1.1 實驗材料 大鼠視網永生化膜Müller細胞系購自上海生命科學院，用含有10%胎牛血清的RPMI-1640培養基在37 ℃、5%CO2培養箱中進行培養。RPMI-1640高糖培養基、胎牛血清購自美國Gibco公司、MTT檢測試劑盒購于美國Promega公司，Annexin V-FITC PI檢測試劑盒購于美國Invitrogen公司，外源性AAT購自美國Corning公司，兔抗人一抗與二抗購自英國Abcam公司，青-鏈霉素購于美國Gbico公司。

1.2 細胞分組與處理 待Müller細胞密度達到80%時，用0.25%胰蛋白酶消化細胞，取對數期生長細胞進行試驗。
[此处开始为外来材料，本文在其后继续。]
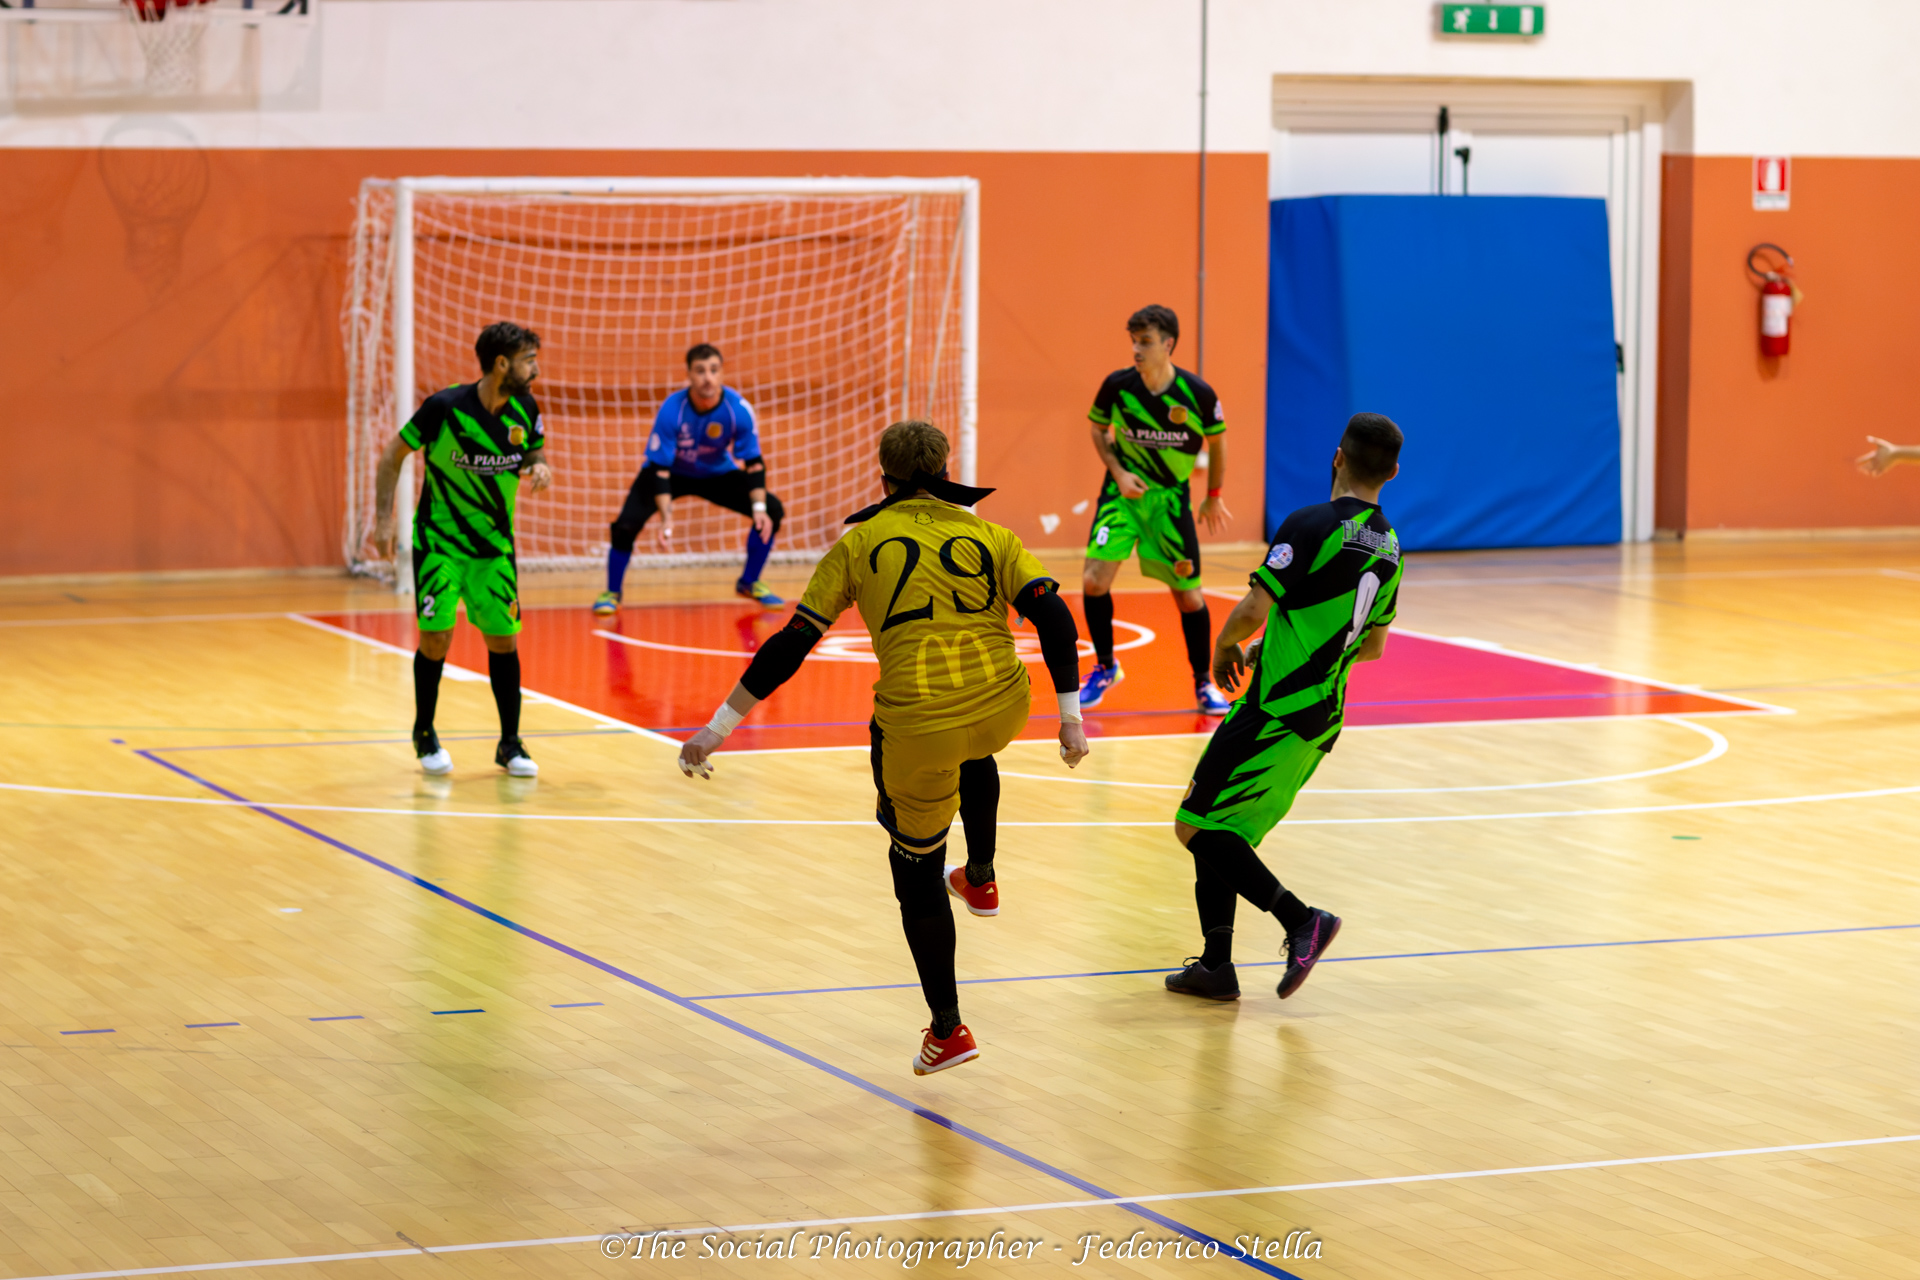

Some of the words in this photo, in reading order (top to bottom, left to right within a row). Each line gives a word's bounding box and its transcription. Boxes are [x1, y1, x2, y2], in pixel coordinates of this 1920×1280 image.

[1136, 429, 1189, 442] PIADINA
[451, 450, 470, 464] LA
[1096, 526, 1110, 546] 6
[869, 536, 997, 632] 29
[423, 595, 435, 617] 2
[1344, 571, 1381, 651] 9
將細胞分為三組：模型組、試驗A組、試驗B組，分別加入不同濃度的外源性AAT 100 μl(加藥濃度分別為0、10、100 pg/ml)，處理不同時間點換回高糖培養基進行培養。

1.3 MTT法檢測細胞增殖 將細胞濃度調整至1×105個/ml，在96孔板培養，加入20 μl 0.5 mg/ml MTT，培養6 h后再向每孔加入150 μl DMSO，震蕩培養10 min后，使用酶標儀檢測細胞光密度(波長=540 nm)，檢測與計算細胞增殖指數。
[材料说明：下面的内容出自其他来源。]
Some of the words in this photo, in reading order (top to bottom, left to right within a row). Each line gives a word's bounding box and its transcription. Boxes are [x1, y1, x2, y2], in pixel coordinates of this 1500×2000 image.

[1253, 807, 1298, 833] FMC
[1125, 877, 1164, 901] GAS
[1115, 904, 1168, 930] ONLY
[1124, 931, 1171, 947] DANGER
1.4 流式細胞儀檢測細胞凋亡 將細胞濃度調整至1×103個/ml，采用200 μl結合緩沖液重懸細胞，然后再加入5 μl PI與的10 μl Annexin V-FITC，暗室下室溫反應15 min，采用BD公司的流式細胞儀檢測凋亡指數。

1.5 Transwell小室法檢測細胞侵襲 在Transwell上室當中添加Müller細胞100 μl，在下室添加600 μl培養基，培養6 h固定并染色微孔膜下層細胞，在400倍光學顯微鏡下進行觀察，計算細胞侵襲指數。
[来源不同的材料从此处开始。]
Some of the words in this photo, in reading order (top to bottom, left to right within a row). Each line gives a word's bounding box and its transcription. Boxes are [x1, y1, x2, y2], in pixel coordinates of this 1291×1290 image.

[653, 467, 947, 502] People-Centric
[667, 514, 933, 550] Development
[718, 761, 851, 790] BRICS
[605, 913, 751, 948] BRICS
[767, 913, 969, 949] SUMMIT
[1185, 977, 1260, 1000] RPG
1.6 Western blot法檢測蛋白表達 收取細胞后消化后提取細胞的總蛋白，上樣20 μg蛋白進行電泳，轉膜后進行4 ℃過夜封閉，在含有相應一抗溶液的抗體孵育盒中(稀釋比例為1∶1000)進行孵育，4 ℃過夜，洗滌3次后，再將膜孵育二抗中(稀釋比例為1∶5000)，室溫孵育1 h，洗滌3次后進行暗室曝光，檢測GAPDH、STAT3蛋白相對表達水平。上述實驗都重復3次，取平均值作為最終值。

2 結 果

2.1 三組細胞增殖指數對比 處理3、6 h后，試驗A組、試驗B組的細胞增殖指數均高于對照組(均P<0.05)，試驗B組高于試驗A組(P<0.05)，見表1。

表1 三組不同時間點細胞增殖指數對比(%)

2.2 三組細胞凋亡指數對比 處理3、6 h后，試驗A組、試驗B組的細胞凋亡指數均低于對照組(均P<0.05)，試驗B組低于試驗A組(P<0.05)，見表2。

表2 三組不同時間點細胞凋亡指數對比(%)

2.3 三組細胞侵襲指數對比 處理3、6 h后，試驗A組、試驗B組的細胞侵襲指數均高于對照組(均P<0.05)，試驗B組高于試驗A組(P<0.05)，見表3。

表3 三組不同時間點細胞侵襲指數對比(%)

2.4 三組STAT3蛋白相對表達水平對比 處理3、6 h后，試驗A、B組的STAT3蛋白相對表達水平均低于對照組(均P<0.05)，試驗B組低于試驗A組(P<0.05)，見表4。

表4 三組不同時間點STAT3蛋白相對表達水平對比

3 討 論

Müller細胞對于維持視網膜的生長與發育具有重要的作用，在內外在各種因素的影響下，當機體視網膜受損時，比如高血糖可破壞血-視屏障功能，可損傷視網膜血管系統。不過此時環視網膜Müller細胞可大量活化和增殖，逆分化為視網膜干細胞，在一定程度下可替代損傷的細胞，促進恢復視網膜功能[11-12]。但是很多Müller細胞的功能受限，為此在高糖環境下提高Müller的增殖能力具有重要價值[13]。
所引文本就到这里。